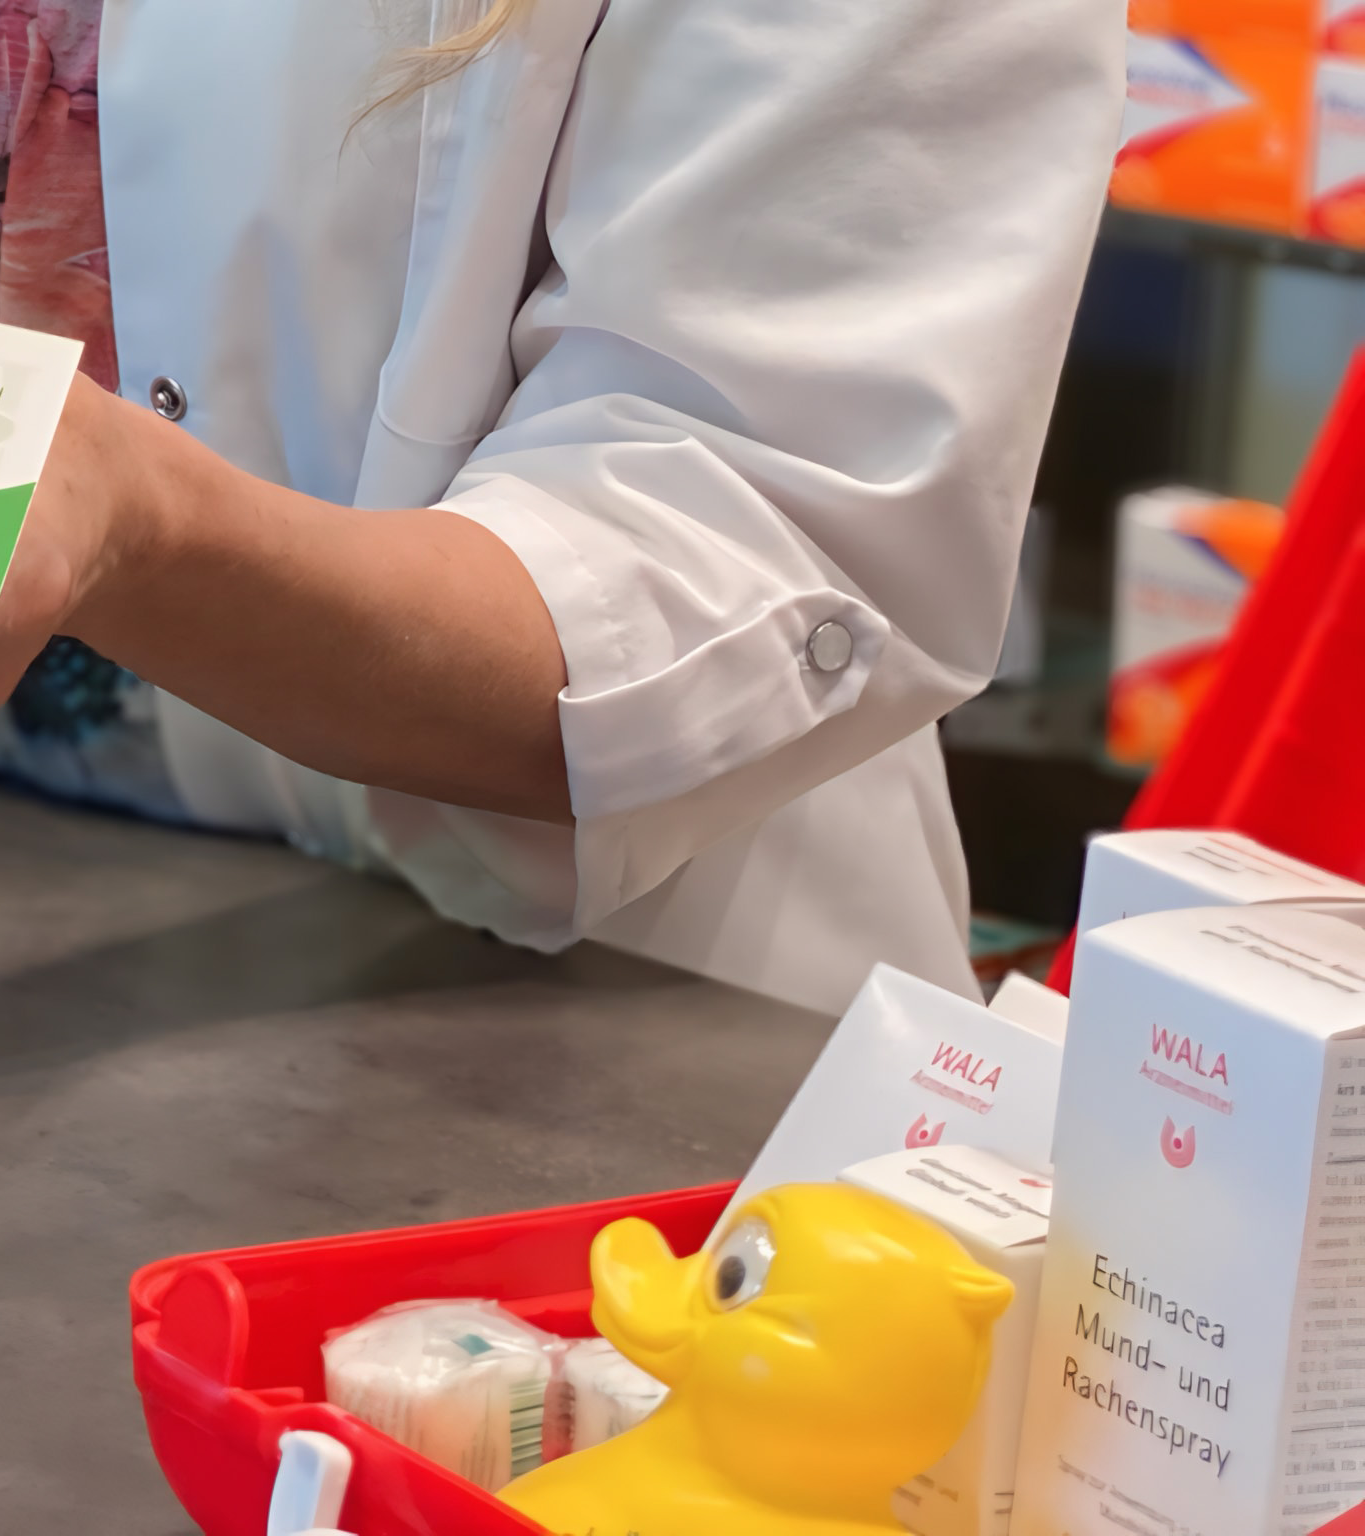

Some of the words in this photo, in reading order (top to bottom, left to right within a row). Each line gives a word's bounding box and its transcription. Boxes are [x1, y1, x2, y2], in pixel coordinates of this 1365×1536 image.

[930, 1040, 1003, 1093] WALA
[1153, 1023, 1229, 1086] WALA
[1092, 1252, 1226, 1349] Echinacea
[1075, 1302, 1167, 1372] Mund-
[1178, 1366, 1231, 1412] und
[1062, 1355, 1231, 1478] Rachenspray
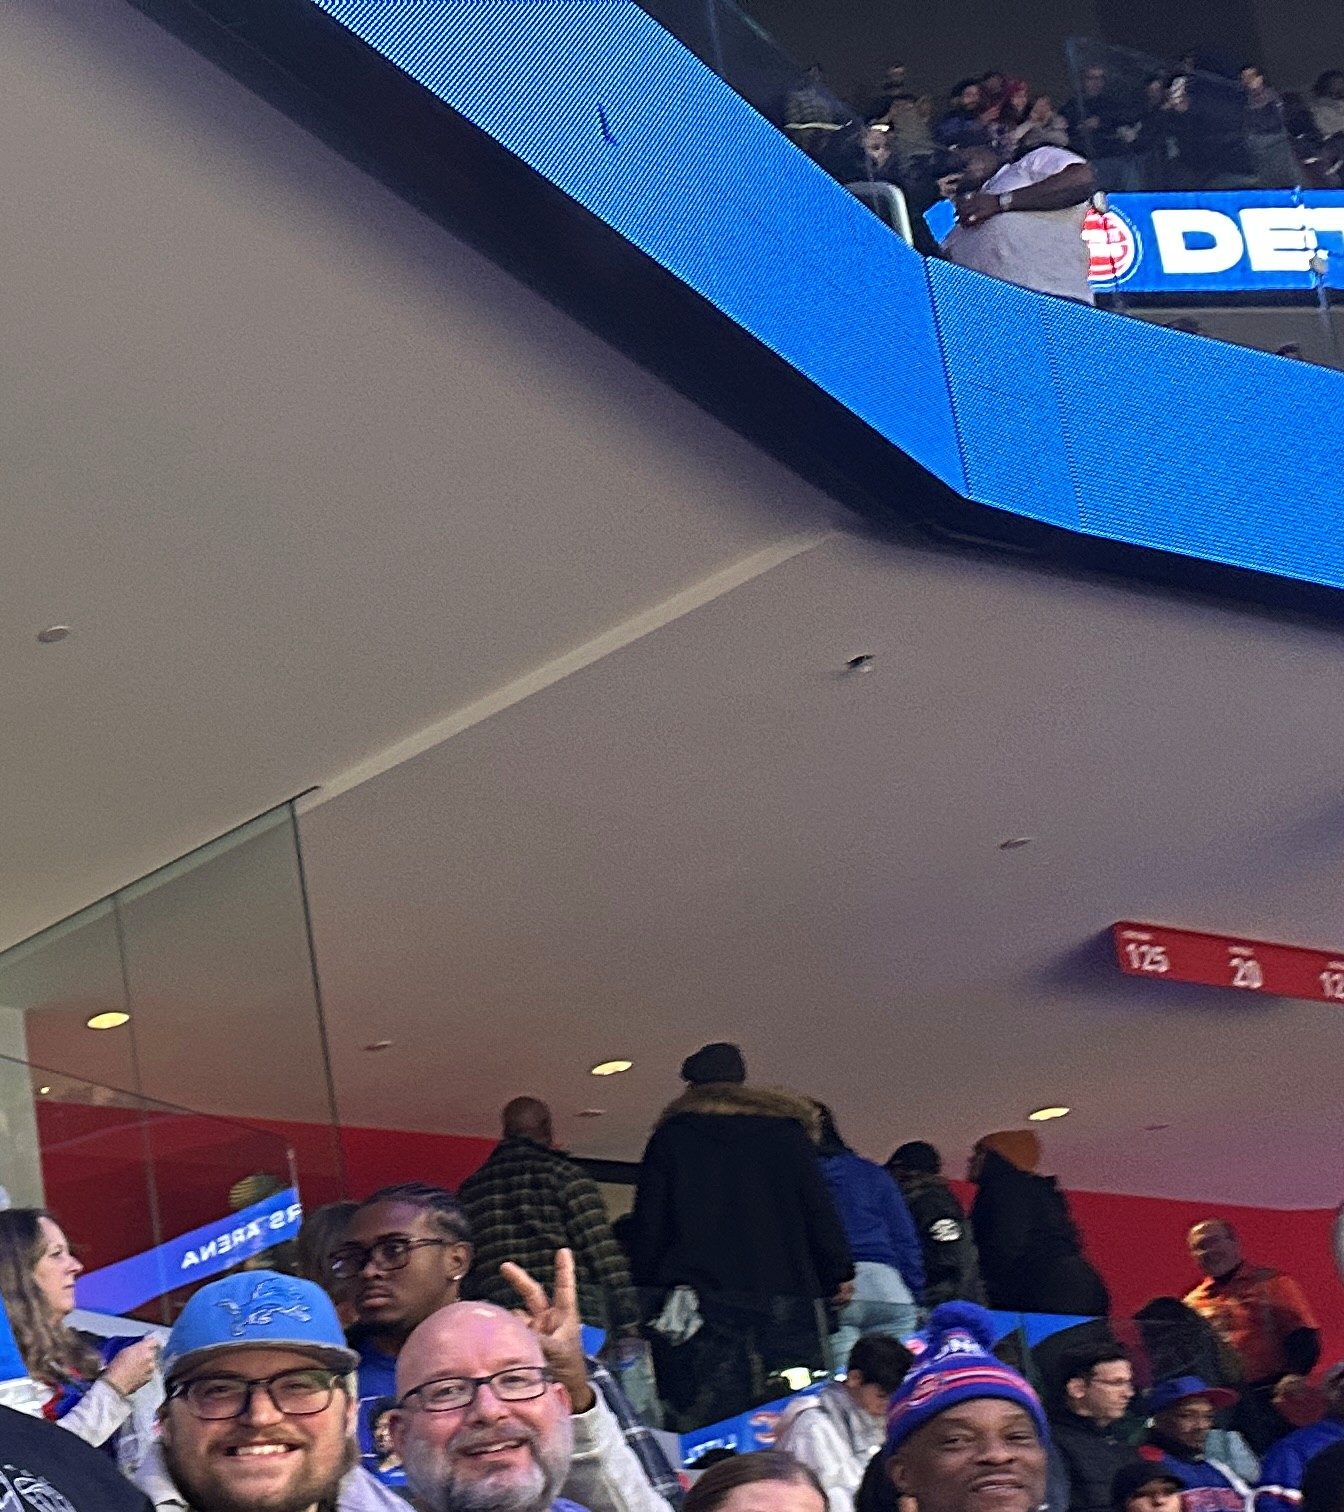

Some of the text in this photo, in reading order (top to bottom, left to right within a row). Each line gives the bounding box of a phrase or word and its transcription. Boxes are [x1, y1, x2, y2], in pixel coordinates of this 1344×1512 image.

[1125, 943, 1170, 973] 125
[1228, 957, 1264, 989] 20
[1319, 971, 1344, 999] 12

- [What needs to be done]:
Please set down every record above exactly as it appears, leaving out the pictures.

- [Output for this task]:
Some of the words in this photo, in reading order (top to bottom, left to right within a row). Each line gives a word's bounding box and its transcription. Boxes are [x1, y1, x2, y2], in pixel coordinates of this 1365×1536 image.

[930, 1040, 1003, 1093] WALA
[1153, 1023, 1229, 1086] WALA
[1092, 1252, 1226, 1349] Echinacea
[1075, 1302, 1167, 1372] Mund-
[1178, 1366, 1231, 1412] und
[1062, 1355, 1231, 1478] Rachenspray

Some of the text in this photo, in reading order (top to bottom, left to right within a row). Each line gives the bounding box of a phrase or word and its transcription. Boxes are [x1, y1, x2, y2], in pixel coordinates of this 1344×1512 image.

[1125, 943, 1170, 973] 125
[1228, 957, 1264, 989] 20
[1319, 971, 1344, 999] 12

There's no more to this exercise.